§ Instructions to follow: An exact repetition of the data is required; no picture should appear in it.

[[ Information supplied, beginning ]]

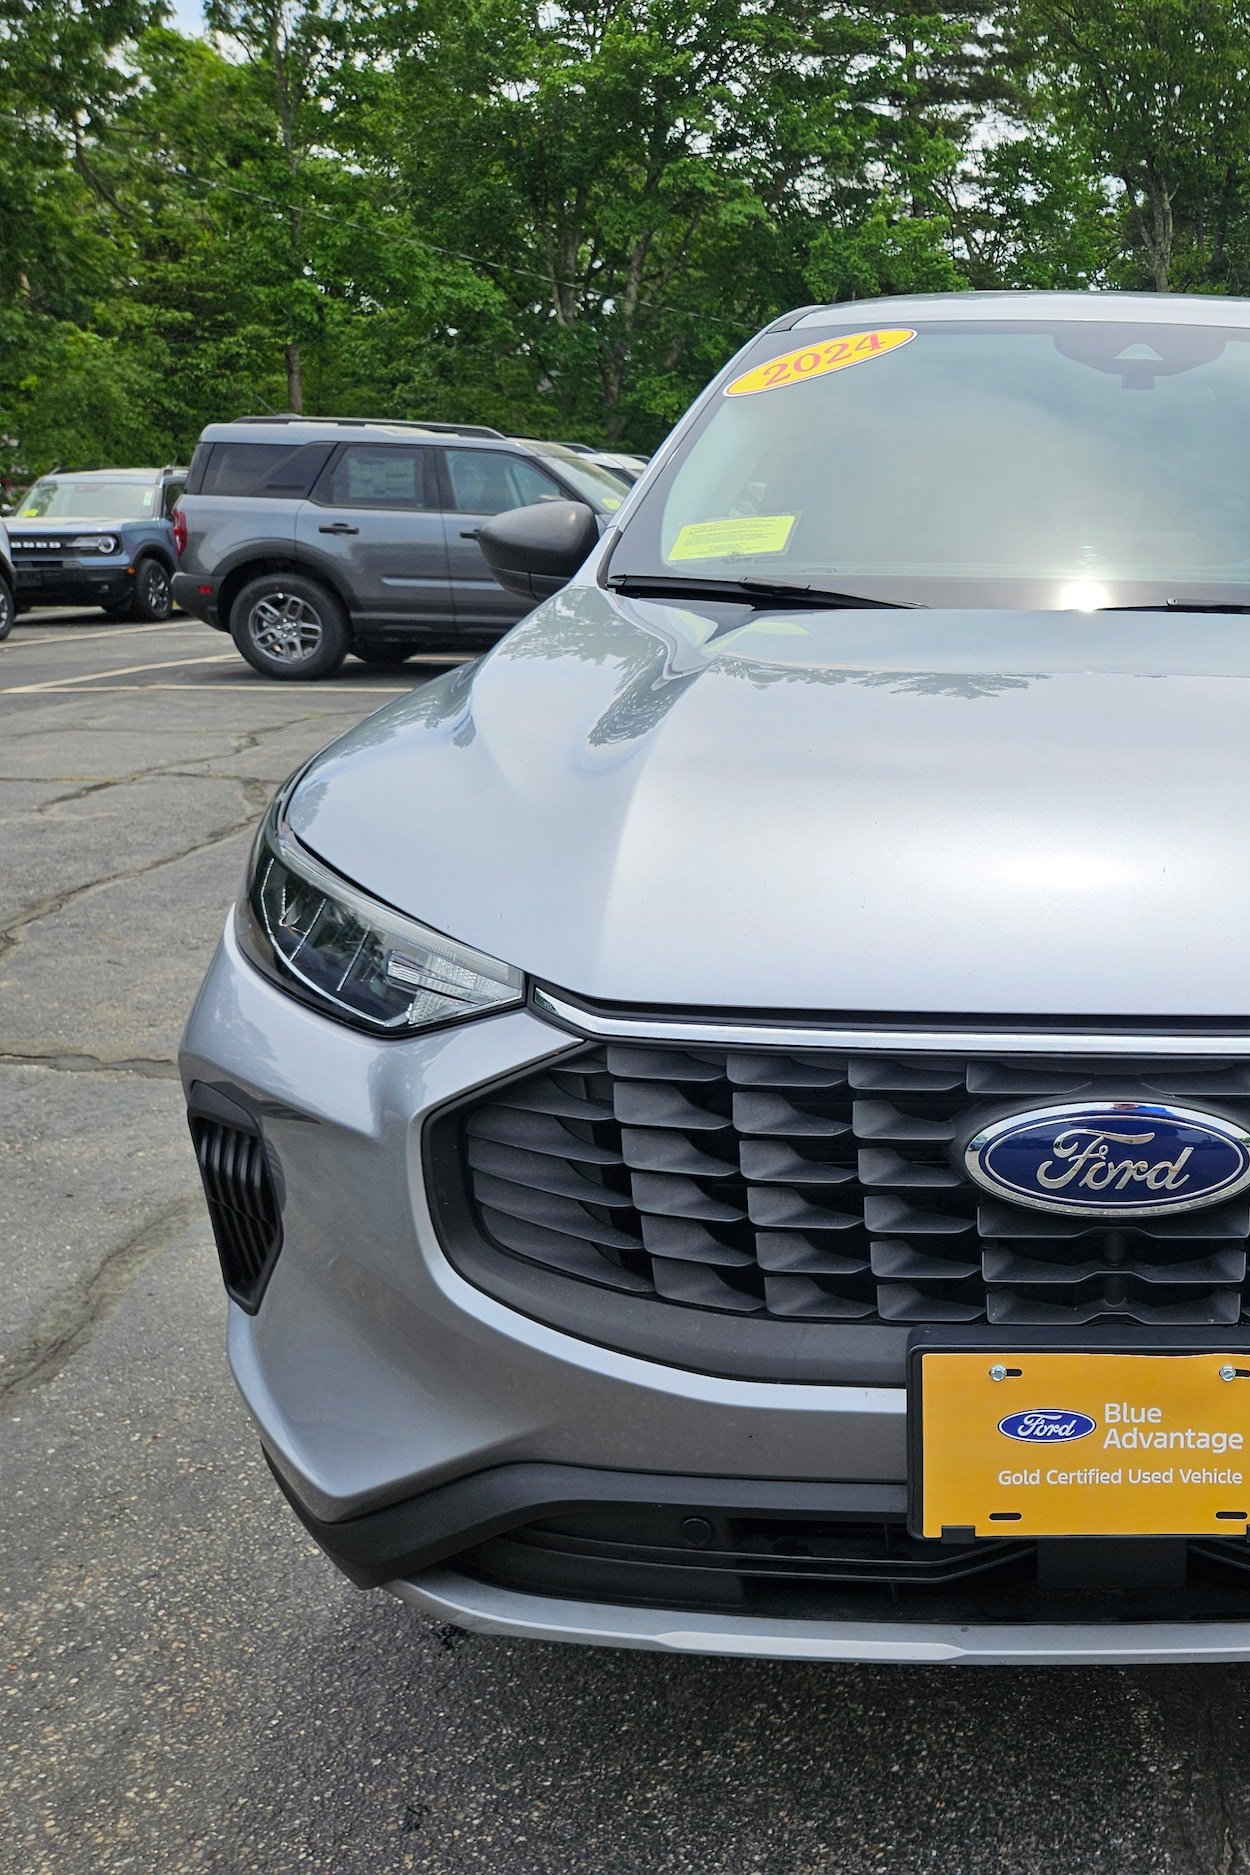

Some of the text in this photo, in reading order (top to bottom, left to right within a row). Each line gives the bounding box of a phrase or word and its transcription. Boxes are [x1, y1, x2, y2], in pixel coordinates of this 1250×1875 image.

[763, 333, 886, 387] 2024
[1035, 1128, 1194, 1191] Ford
[1017, 1413, 1077, 1438] Ford
[1103, 1402, 1163, 1424] Blue
[1103, 1428, 1244, 1454] Advantage
[998, 1468, 1243, 1486] Gold Certified Used Vehicle
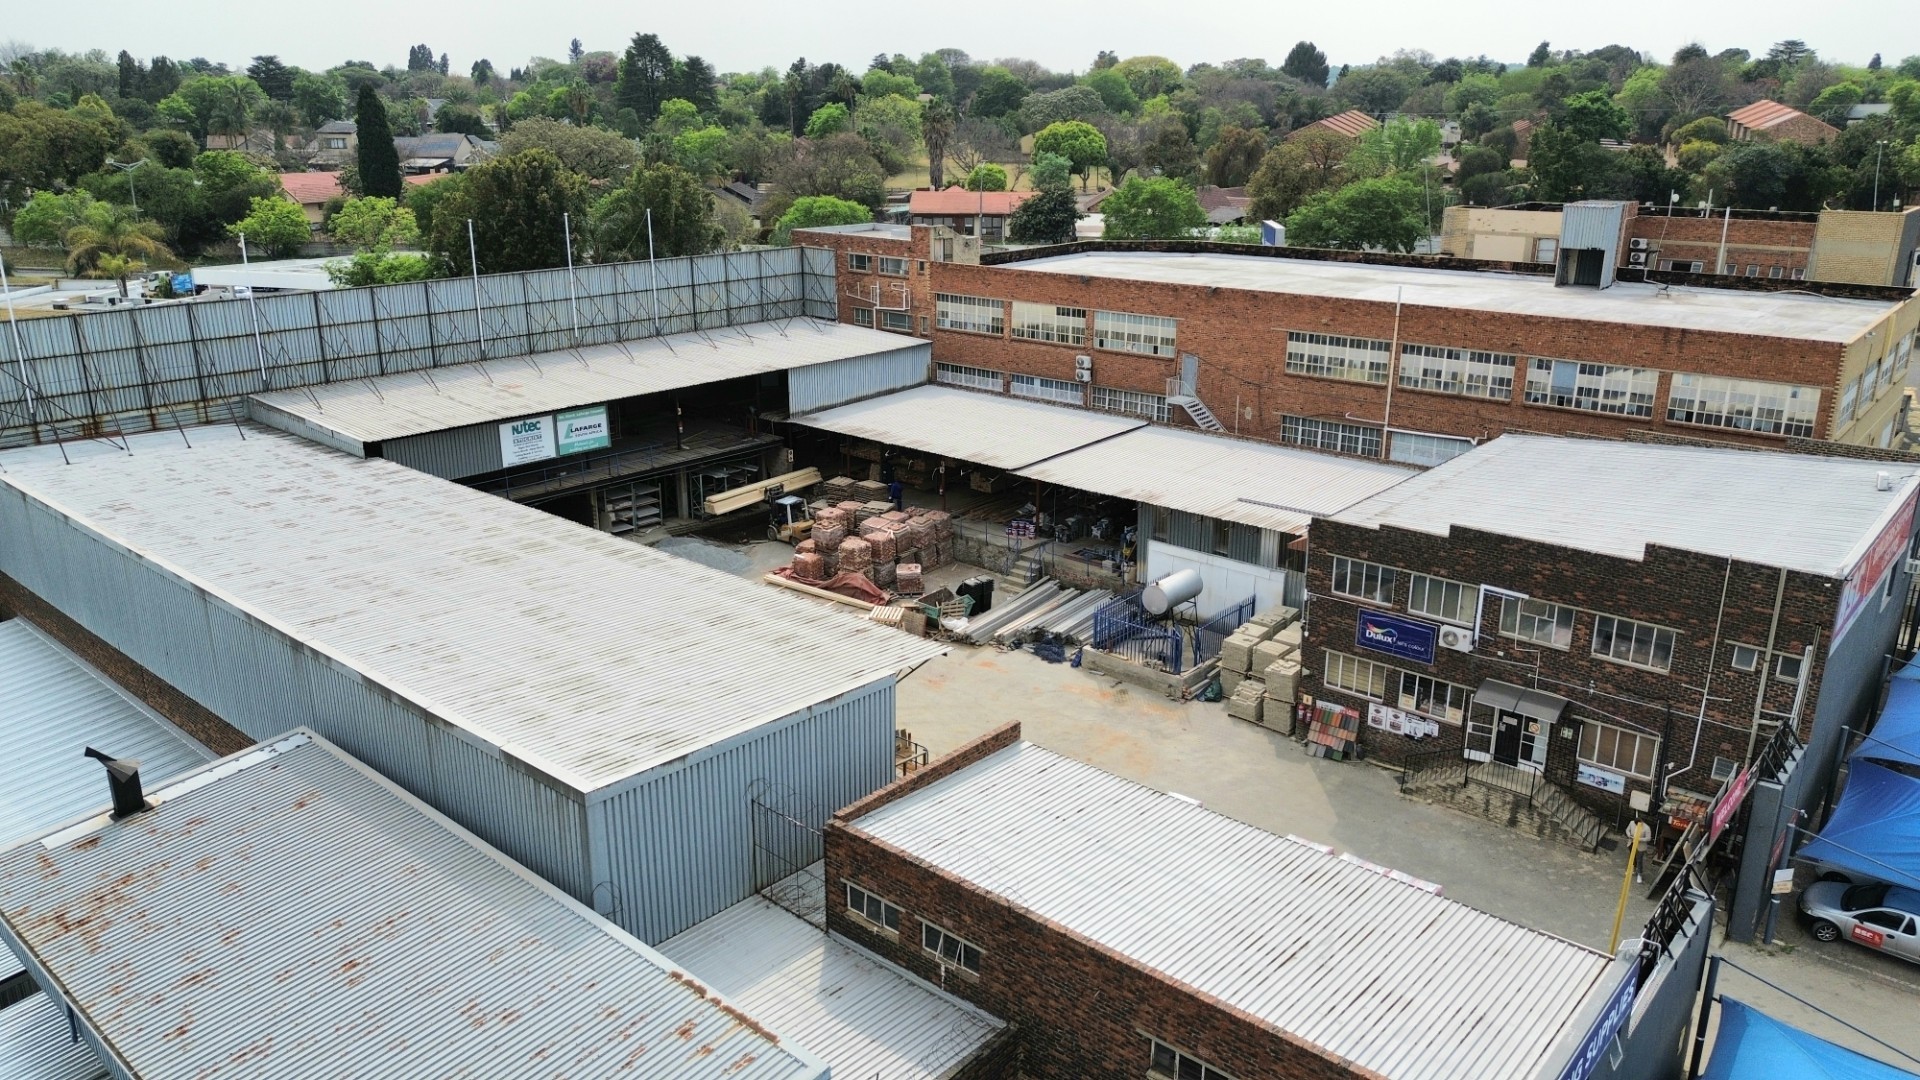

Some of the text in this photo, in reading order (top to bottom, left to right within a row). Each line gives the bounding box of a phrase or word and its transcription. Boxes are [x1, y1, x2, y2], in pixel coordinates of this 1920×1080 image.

[570, 422, 602, 433] LAFARGE
[1366, 629, 1393, 644] Dulux
[1585, 977, 1636, 1069] SUPPLIES
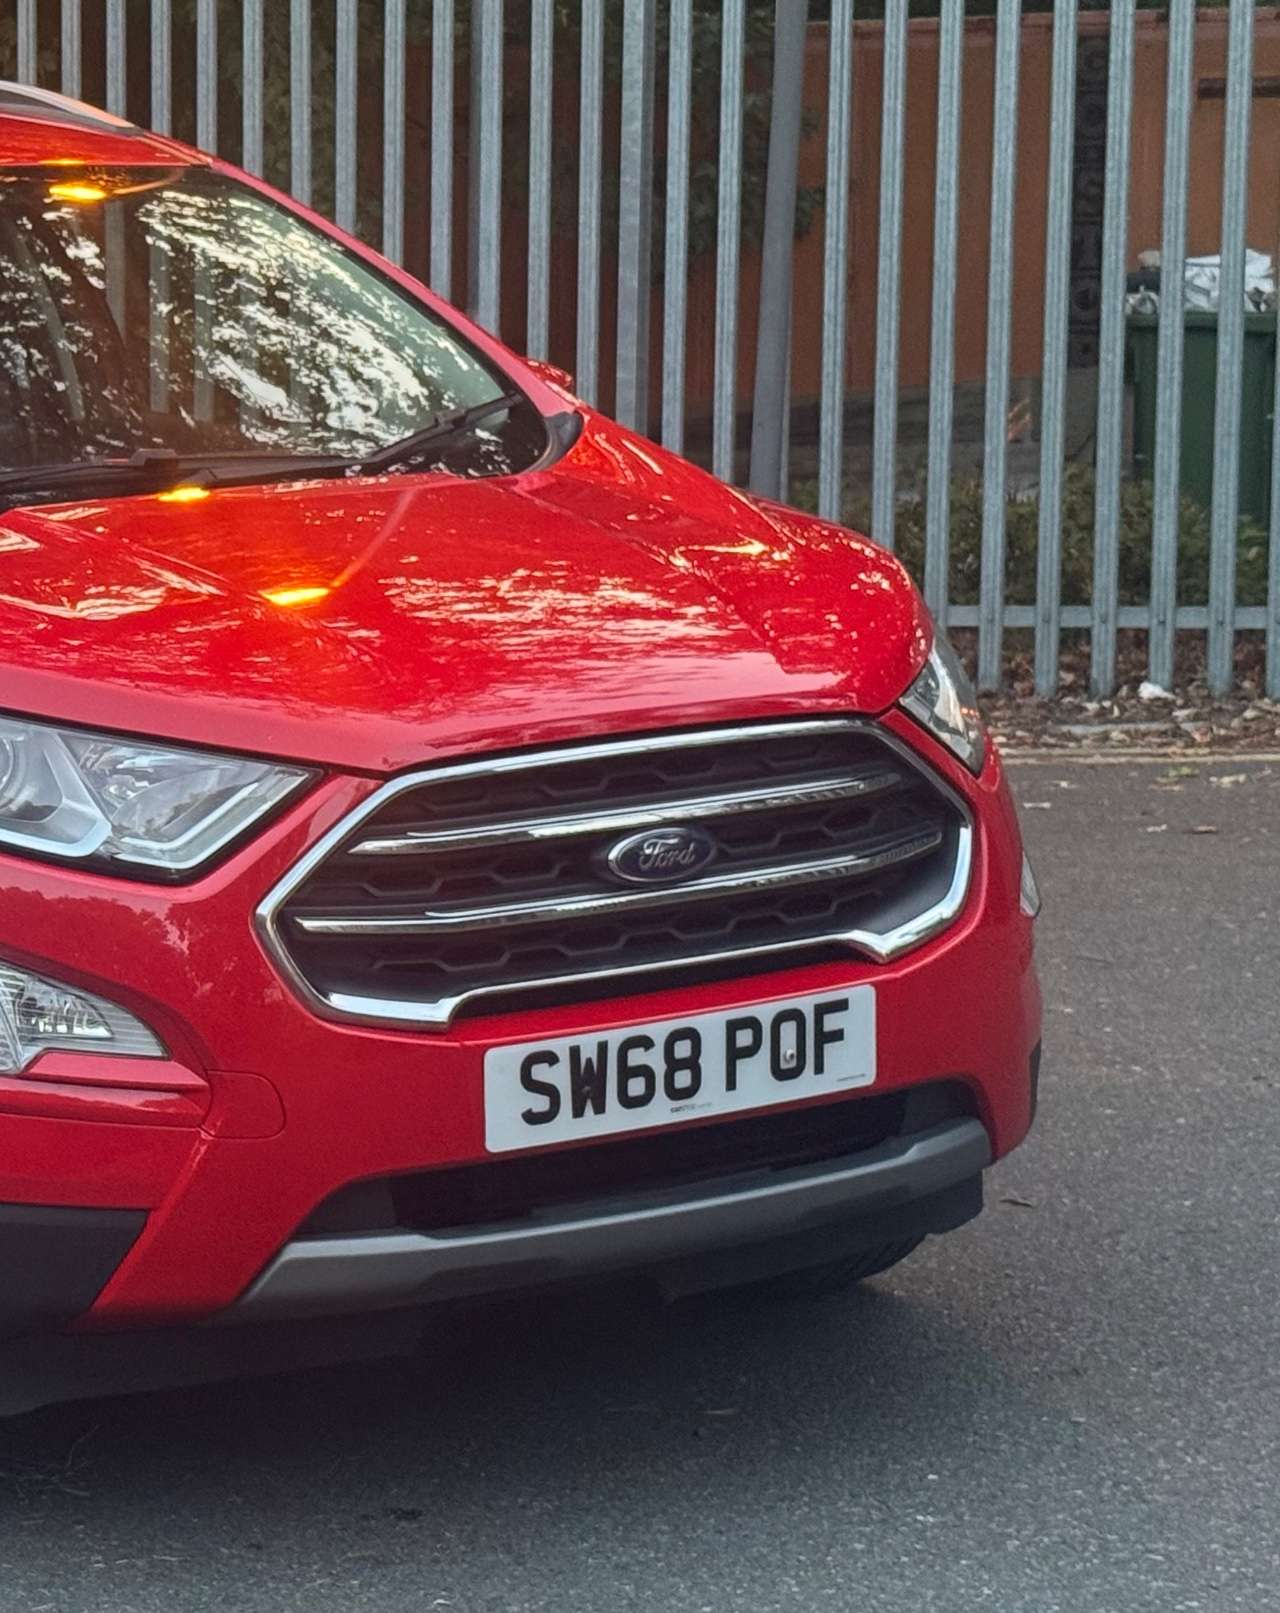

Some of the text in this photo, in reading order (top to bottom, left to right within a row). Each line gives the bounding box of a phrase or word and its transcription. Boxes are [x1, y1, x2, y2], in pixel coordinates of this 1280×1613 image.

[639, 837, 696, 870] Ford
[520, 997, 850, 1126] SW68 POF

[[ Information supplied, end ]]

§ Your response:
Some of the text in this photo, in reading order (top to bottom, left to right within a row). Each line gives the bounding box of a phrase or word and its transcription. Boxes are [x1, y1, x2, y2], in pixel coordinates of this 1250×1875 image.

[763, 333, 886, 387] 2024
[1035, 1128, 1194, 1191] Ford
[1017, 1413, 1077, 1438] Ford
[1103, 1402, 1163, 1424] Blue
[1103, 1428, 1244, 1454] Advantage
[998, 1468, 1243, 1486] Gold Certified Used Vehicle

Some of the text in this photo, in reading order (top to bottom, left to right within a row). Each line gives the bounding box of a phrase or word and its transcription. Boxes are [x1, y1, x2, y2], in pixel coordinates of this 1920×1080 image.

[570, 422, 602, 433] LAFARGE
[1366, 629, 1393, 644] Dulux
[1585, 977, 1636, 1069] SUPPLIES

Some of the text in this photo, in reading order (top to bottom, left to right within a row). Each line gives the bounding box of a phrase or word and its transcription. Boxes are [x1, y1, x2, y2], in pixel coordinates of this 1280×1613 image.

[639, 837, 696, 870] Ford
[520, 997, 850, 1126] SW68 POF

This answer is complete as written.